Berkshire Hathaway 2024 Annual Report
- As I type this article, such conditions seem quite unlikely, but sentiment can change quickly in financial markets and there is a significant amount of macroeconomic uncertainty regarding taxes, trade policy, and spending.
- As an example, let’s say that you believe that Berkshire’s intrinsic value is $690,000 per Class A share when the stock price is $750,000.
- Net earnings for the third quarter and first nine months of 2007 increased significantly compared to the prior year periods.
- It is too mentally taxing to try to jump in and out of a stock simply because its value seems a bit on the high side.
- Management took steps to raise premiums and cut costs which restored underwriting profitability starting in 2023.
It would be highly unrealistic for Berkshire shareholders to regard GEICO’s 2024 underwriting profits to be in any way “normal” given the historically low combined ratio. This document is Berkshire Hathaway’s quarterly report filed with the SEC for the quarter ending September 30, 2007. It includes Berkshire’s consolidated balance sheets as of September 30, 2007 and December 31, 2006 as well as consolidated statements of earnings for the third quarter and first nine months of 2007 and 2006. Berkshire’s businesses are organized into Insurance and Other, Utilities and Energy, and Finance and Financial Products segments.

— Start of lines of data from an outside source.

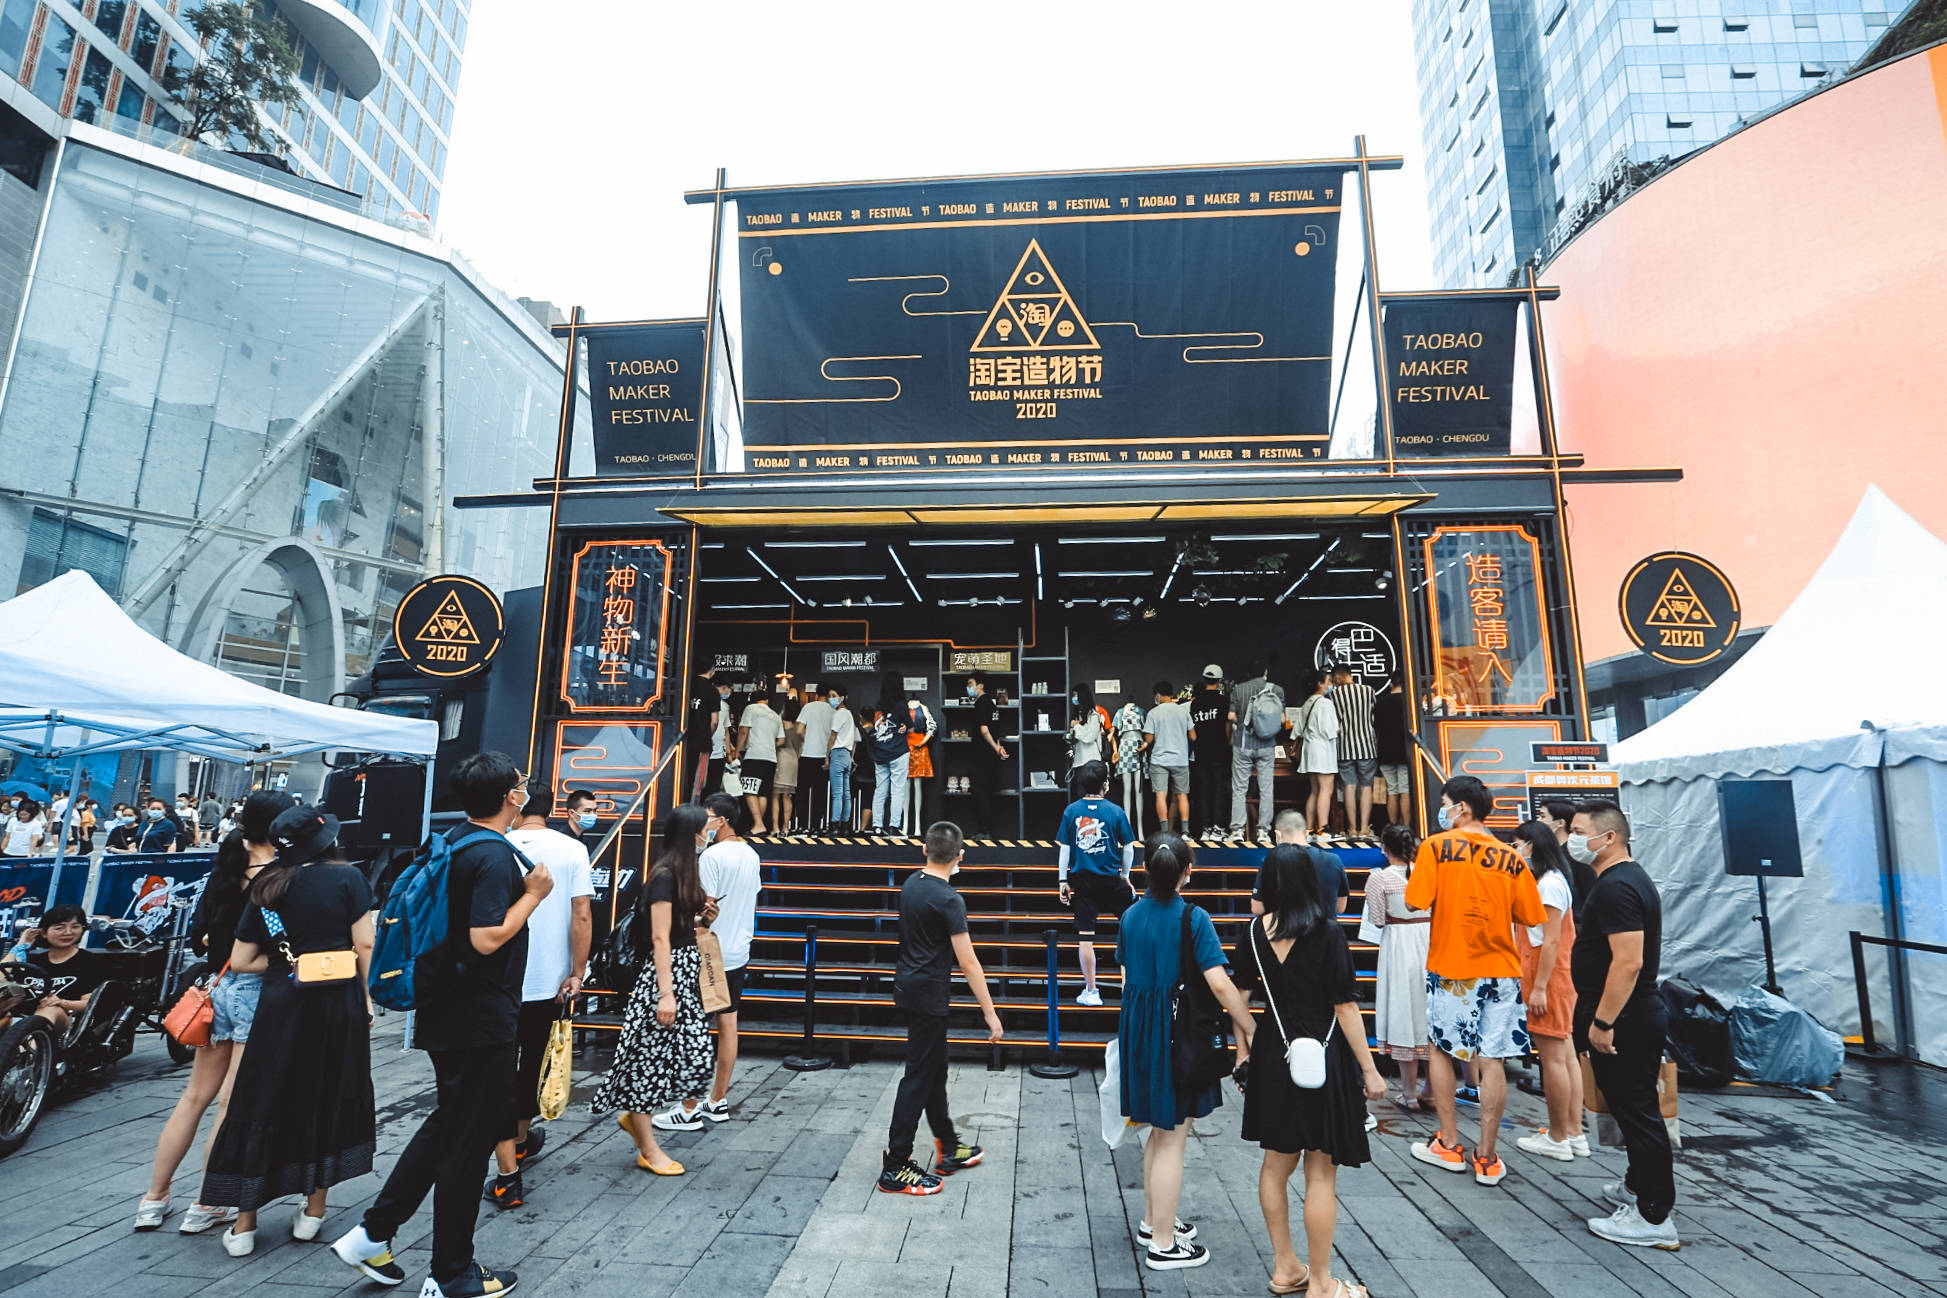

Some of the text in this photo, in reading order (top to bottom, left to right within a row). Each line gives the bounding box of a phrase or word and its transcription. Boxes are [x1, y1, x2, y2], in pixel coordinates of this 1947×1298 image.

[746, 213, 782, 226] TAOBAO
[808, 210, 842, 222] MAKER
[868, 206, 912, 218] FESTIVAL
[939, 204, 976, 216] TAOBAO
[1003, 202, 1038, 212] MAKER
[1066, 198, 1110, 210] FESTIVAL
[1138, 196, 1176, 207] TAOBAO
[1204, 193, 1240, 204] MAKER
[1268, 190, 1314, 202] FESTIVAL
[1019, 302, 1050, 326] 淘
[1402, 332, 1483, 350] TAOBAO
[606, 359, 679, 376] TAOBAO
[969, 355, 1102, 387] 淘宝造物节
[1400, 360, 1468, 376] MAKER
[608, 384, 672, 400] MAKER
[969, 388, 1102, 402] TAOBAO MAKER FESTIVAL
[1397, 384, 1490, 402] FESTIVAL
[611, 408, 694, 424] FESTIVAL
[1016, 402, 1056, 418] 2020
[1394, 434, 1490, 444] TAOBAO CHENGDU
[614, 454, 649, 464] TAOBAO
[753, 458, 790, 468] TAOBAO
[816, 456, 850, 467] MAKER
[876, 455, 920, 466] FESTIVAL
[946, 454, 982, 465] TAOBAO
[1008, 453, 1042, 464] MAKER
[1068, 452, 1112, 462] FESTIVAL
[1136, 450, 1173, 461] TAOBAO
[1199, 449, 1232, 460] MAKER
[1260, 448, 1304, 459] FESTIVAL
[596, 565, 636, 685] 神物新生
[1466, 553, 1513, 682] 造客请入
[1660, 629, 1704, 648] 2020
[426, 644, 468, 662] 2020
[824, 652, 877, 666] 国风潮都
[954, 652, 1008, 664] 宠萌圣地

This should be no surprise at all given what we have seen develop with Berkshire’s cash balance over the past four quarters. Meanwhile, dividend income declined due to reductions in the equity security portfolio which was partially offset by higher dividends on certain holdings. Within the corporate structure, a certain percentage of dividend income is berkshire hathaway annual and interim reports excluded from taxation, so as the proportion of Berkshire’s investment income tilts more toward treasury bill interest, we can expect the effective income tax rate to rise.

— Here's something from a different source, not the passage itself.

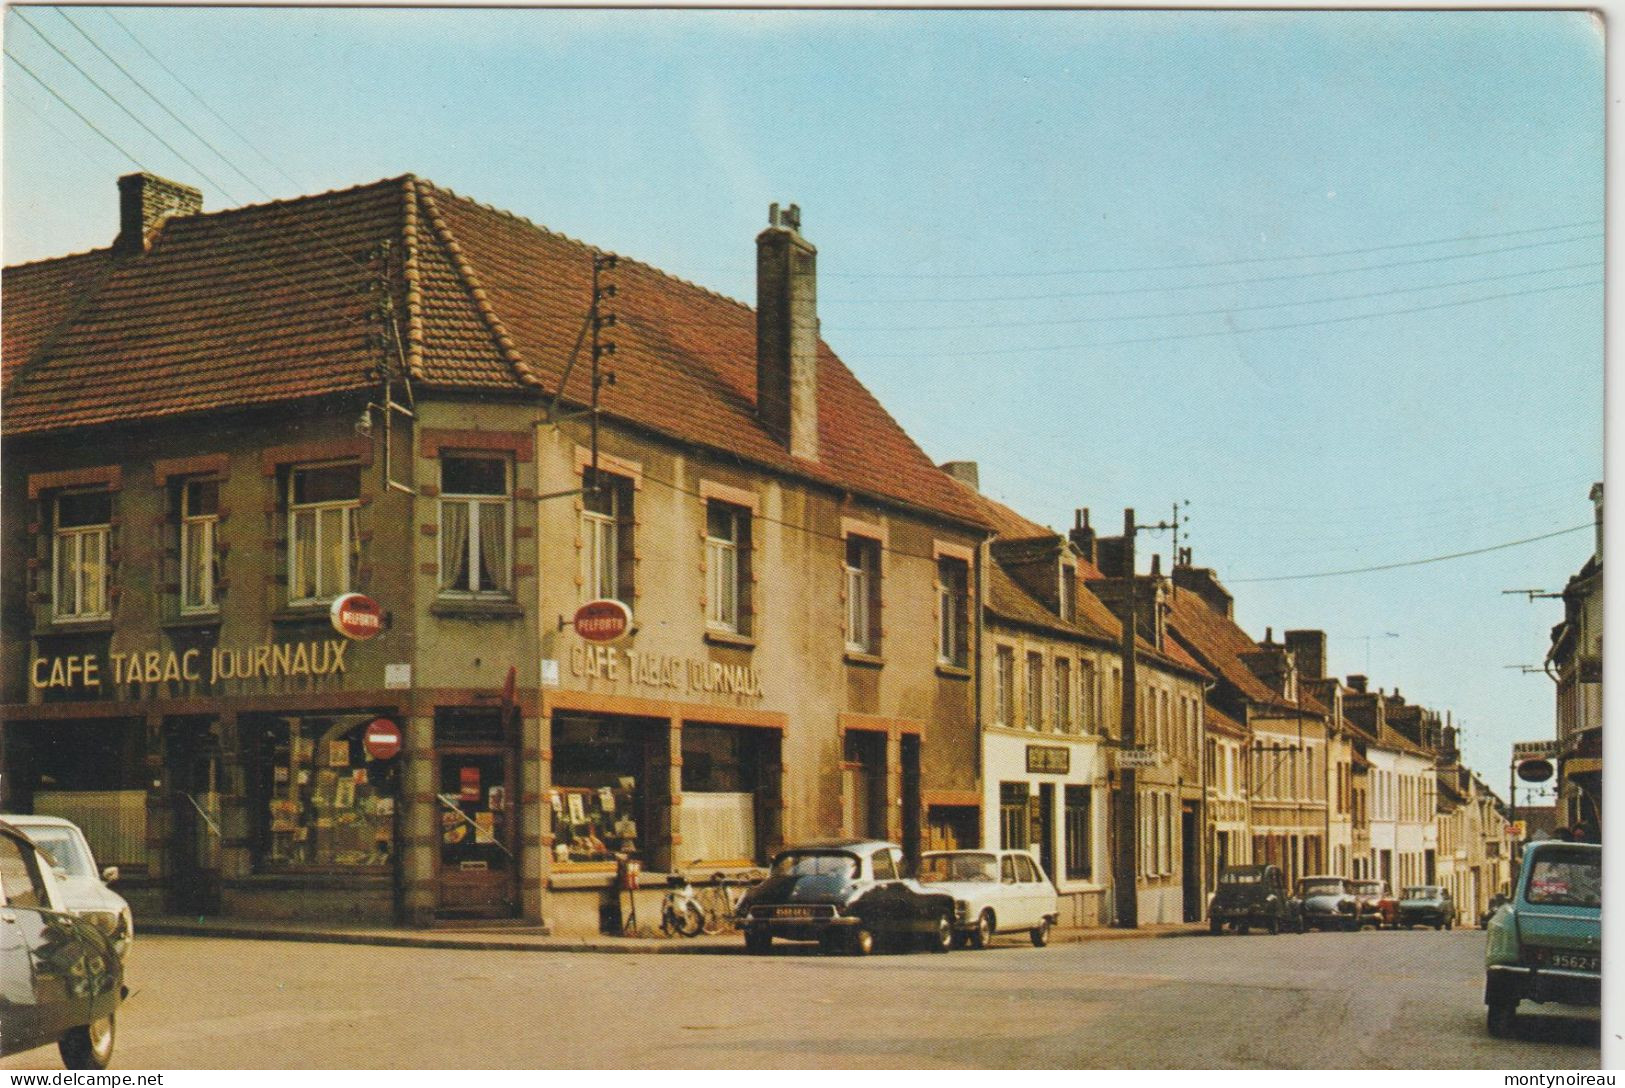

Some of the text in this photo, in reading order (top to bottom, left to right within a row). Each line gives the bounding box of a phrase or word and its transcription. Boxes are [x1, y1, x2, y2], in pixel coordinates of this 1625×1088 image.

View differences made from one year to another to evaluate Berkshire Hathaway Inc’s financial trajectory
In addition, many analysts and reporters neglect to subtract a liability reflecting amounts due for treasury bill purchases that had not settled at yearend. With these adjustments, Berkshire’s cash balance stood at $318 billion at the end of 2024. Pilot was transferred to the MSR group in 2024 from the Railroad, Utility, and Energy group where it first appeared in 2023 after being consolidated on Berkshire’s balance sheet.

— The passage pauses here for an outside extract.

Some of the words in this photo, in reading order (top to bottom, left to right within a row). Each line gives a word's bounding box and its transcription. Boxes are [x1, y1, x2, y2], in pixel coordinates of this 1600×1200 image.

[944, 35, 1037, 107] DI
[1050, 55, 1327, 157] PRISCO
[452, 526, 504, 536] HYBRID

It is too mentally taxing to try to jump in and out of a stock simply because its value seems a bit on the high side. The situation would be different if a stock is trading at a level that could plausibly result in no return for five or ten years, but that has never really been the case for Berkshire Hathaway. As a result, it seems better to just hold the stock unless there is a need to raise cash or some clearly superior opportunity comes along that carries reasonable levels of risk.
Historically, Berkshire has been aggressive in terms of seeking growth for GEICO, but with the caveat that inadequate pricing must be rejected. Berkshire does not provide “guidance” to analysts, but what if we wanted to forecast interest income for 2025? As a result, we cannot realistically forecast interest income for 2025, although I would note that the treasury yield curve currently implies that the Fed will cut rates by around a quarter to half of a percent this year. Assuming premium volume of, say, $44 billion in 2025, GEICO would post underwriting profits of about $3 billion if it runs at a combined ratio of 93%. However, 93% might be optimistic given that Ajit Jain, at the 2023 annual meeting, disclosed that GEICO’s target combined ratio is 96%. However, news articles often provide inaccurate figures because they include cash held by the railroad and utility groups that Warren Buffett has typically not included in his discussions of cash in the past.